|President Park Geun-hye (right, back row) talks with Japanese Prime Minister Shinzo Abe (left, back row) as they stand for a photo session at the Asia-Pacific Economic Cooperation summit in Manila, the Philippines, Thursday. (Yonhap)|
Citing a Tokyo official, the Japanese daily Asahi Shimbun reported that Abe made the demand during his first-ever bilateral summit with South Korean President Park Geun-hye at Cheong Wa Dae on Nov. 2.
Seoul’s Foreign Ministry said the report was “different from the truth.”
“We would like to refrain from divulging the content of the summit,” ministry spokesperson Cho June-hyuck told reporters. “We express regrets over the fact that there have been reports from Japan that are not true or distorted.”

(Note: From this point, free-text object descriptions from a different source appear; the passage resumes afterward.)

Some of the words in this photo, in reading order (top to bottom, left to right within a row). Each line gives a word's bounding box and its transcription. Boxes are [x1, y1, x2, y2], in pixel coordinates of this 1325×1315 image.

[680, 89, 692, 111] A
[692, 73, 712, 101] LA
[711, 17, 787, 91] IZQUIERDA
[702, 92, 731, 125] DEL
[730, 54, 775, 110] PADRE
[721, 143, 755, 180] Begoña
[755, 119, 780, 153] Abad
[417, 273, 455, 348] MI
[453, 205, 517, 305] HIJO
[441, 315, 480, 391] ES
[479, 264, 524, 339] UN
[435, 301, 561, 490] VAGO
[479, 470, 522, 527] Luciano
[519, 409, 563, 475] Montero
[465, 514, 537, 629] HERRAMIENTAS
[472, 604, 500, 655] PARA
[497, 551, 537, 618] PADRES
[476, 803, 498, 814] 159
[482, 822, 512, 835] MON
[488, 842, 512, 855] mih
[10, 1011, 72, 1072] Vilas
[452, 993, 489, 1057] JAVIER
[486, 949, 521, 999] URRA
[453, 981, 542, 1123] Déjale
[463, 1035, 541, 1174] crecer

According to the report, Abe called for the removal of the statue in front of the Japanese Embassy in Seoul and reiterated that the issue of the Korean victims -- euphemistically called comfort women -- has already been settled through the 1965 treaty that normalized bilateral ties.
The report also said that Tokyo is considering establishing a follow-up to the botched Asian Women’s Fund that Japan set up in 1995 for Asian victims, many of whom were Korean. It has also considered sending a letter from the prime minister to each of the victims, the report said.

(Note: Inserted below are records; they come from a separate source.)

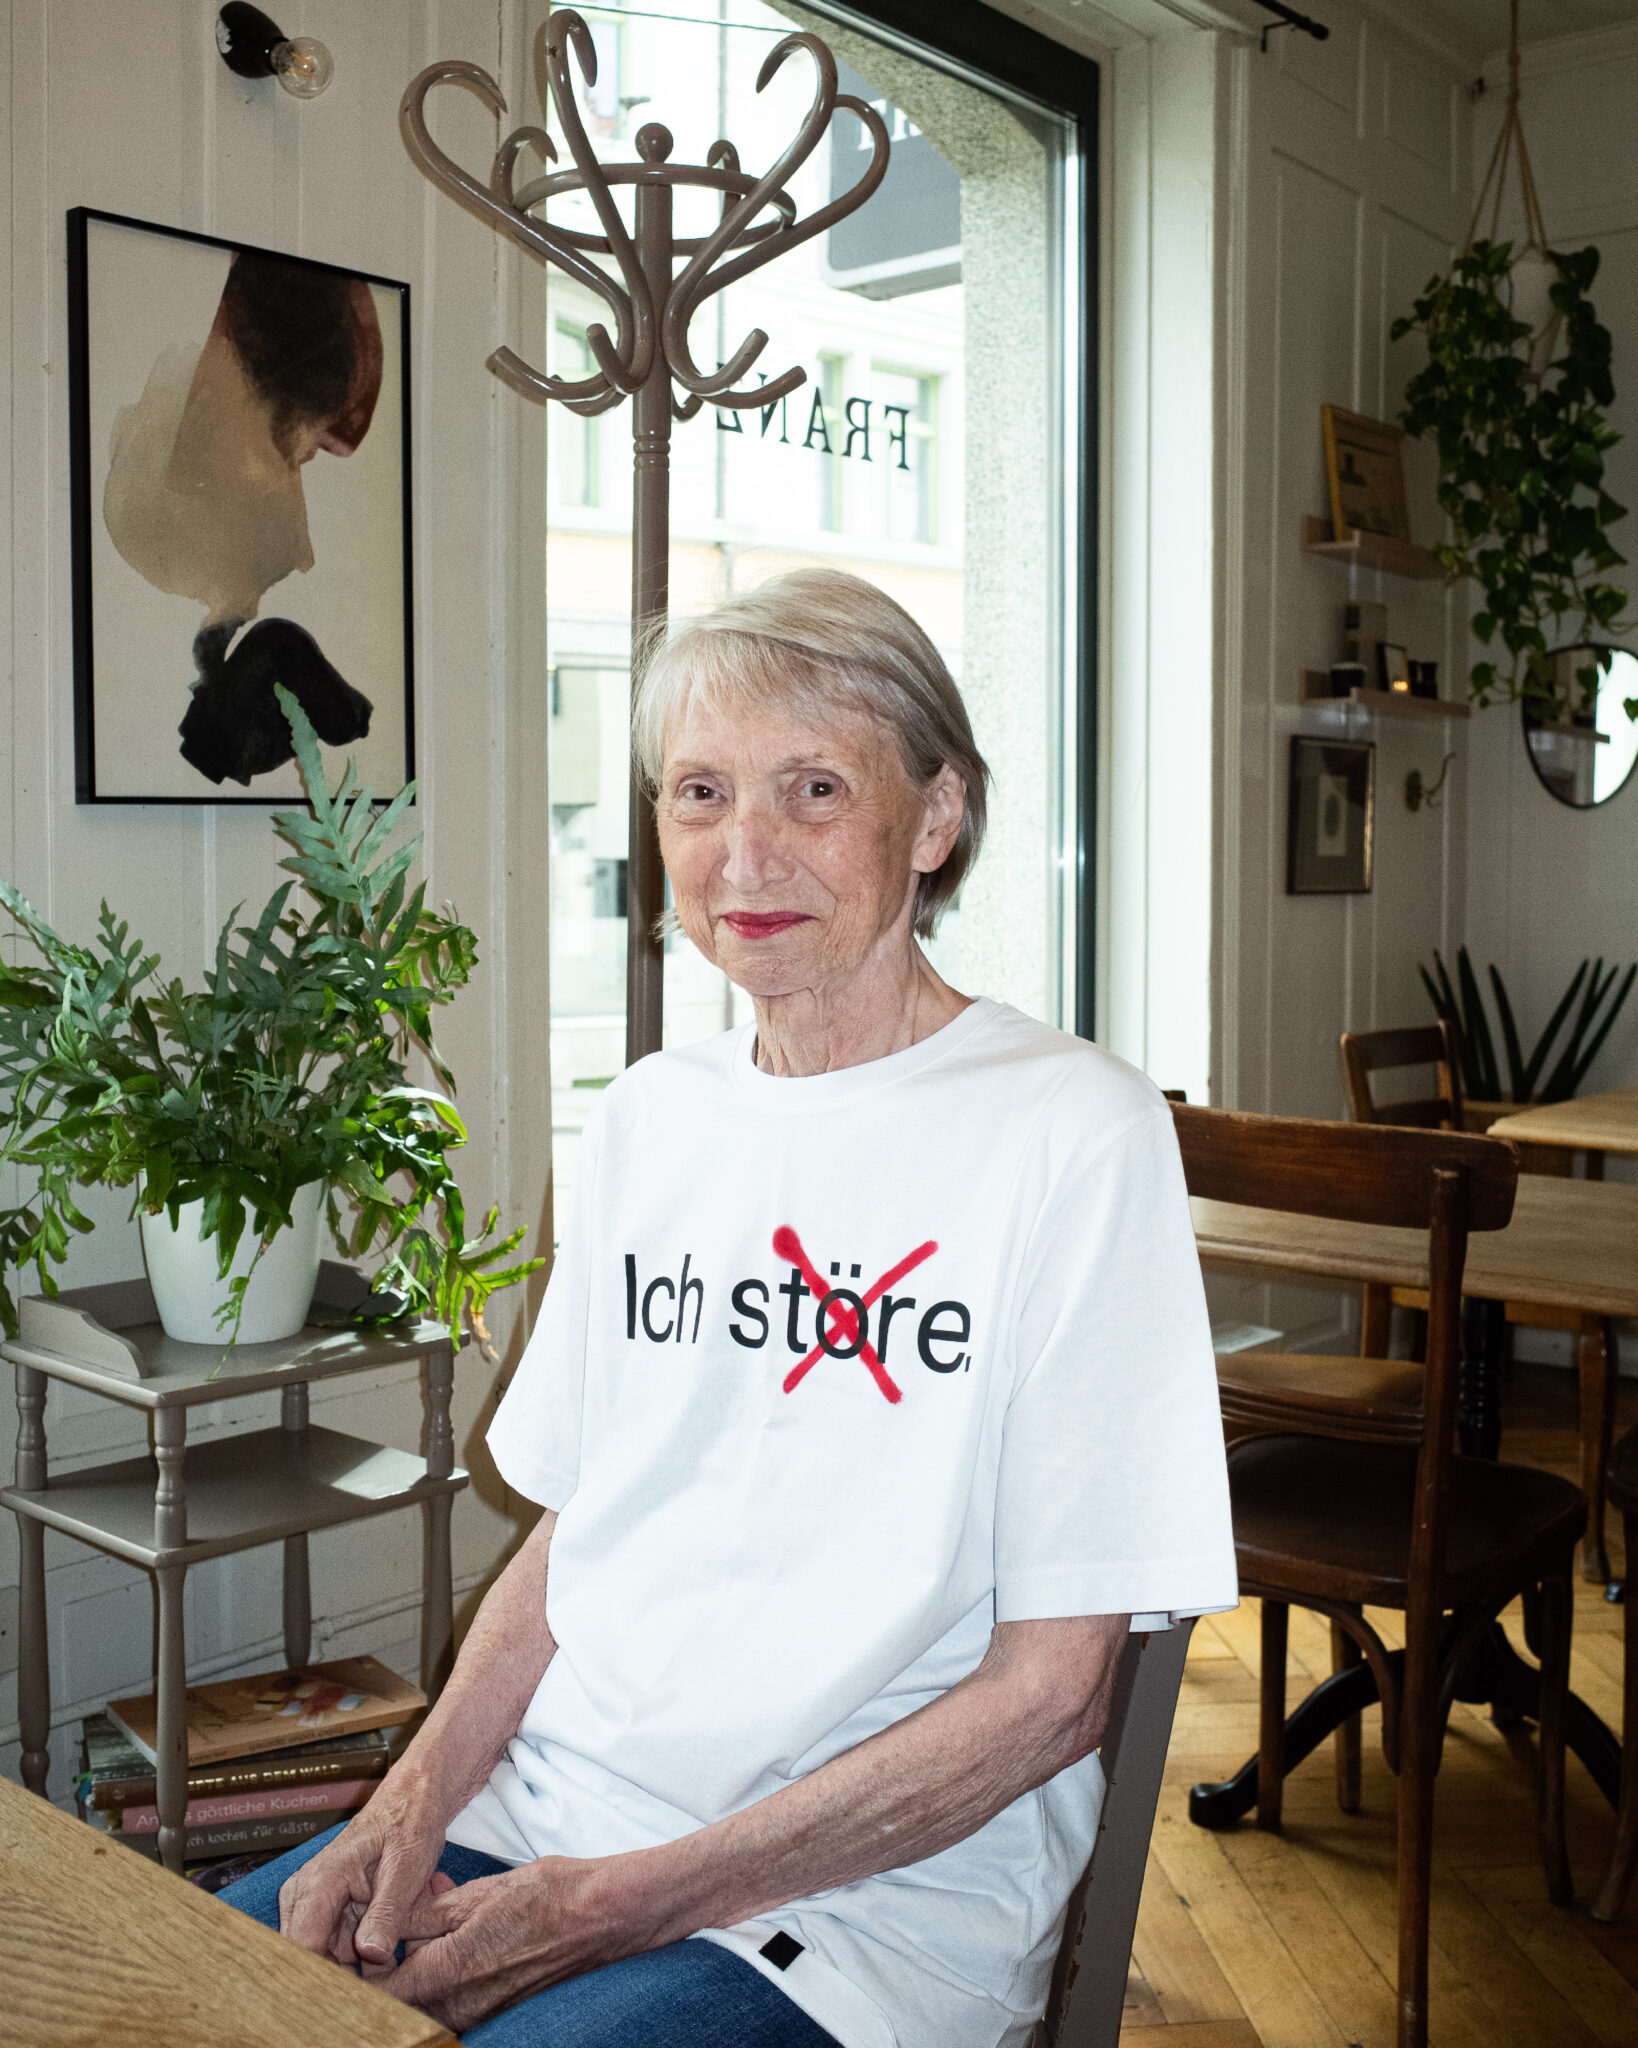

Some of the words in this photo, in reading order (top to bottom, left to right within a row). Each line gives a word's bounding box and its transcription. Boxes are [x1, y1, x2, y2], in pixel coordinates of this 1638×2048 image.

[625, 1254, 704, 1344] Ich
[230, 1773, 258, 1787] AUS
[262, 1768, 297, 1783] DEM
[299, 1763, 341, 1780] WALD
[197, 1800, 265, 1823] göttliche
[270, 1793, 329, 1810] Kuchen

The civilian-financed Asian Women’s Fund failed, as it was intended to show that Japan was taking “moral responsibility” for the past atrocity. It was dissolved as the victims called for “legal” reparations and apologies, not just financial compensation.
The statue, also known as “Peace Statue,” was set up in December 2011 by civic groups including the “Korean Council for the Women Drafted for Military Sexual Slavery by Japan.” The monument has been installed to highlight demands for Japan’s sincere apology and adequate compensation for the victims.
Since April 2014, the two sides have held 10 rounds of director-general-level talks on the comfort women issue. But no significant progress has yet been reported.
Japan has maintained the issue was already settled under the 1965 treaty. Article II of the treaty states the problem concerning property, rights and interests of the two contracting parties and their nationals has been settled “completely and finally.”
However, Seoul claims the issue was not on the agenda for the negotiations over the treaty at the time, given it was only in the 1990s that victims and civil society began raising the issue. It also claims it is a wartime human rights issue that should be dealt with separately from the treaty.
During the latest round of negotiations over the issue last Wednesday, the two sides failed to bridge their differences and decided to hold another round of talks “at an early date” in line with their leaders’ agreement to accelerate the negotiations over the issue.
There are 47 known surviving Korean victims, who are an average of 89.2 years old.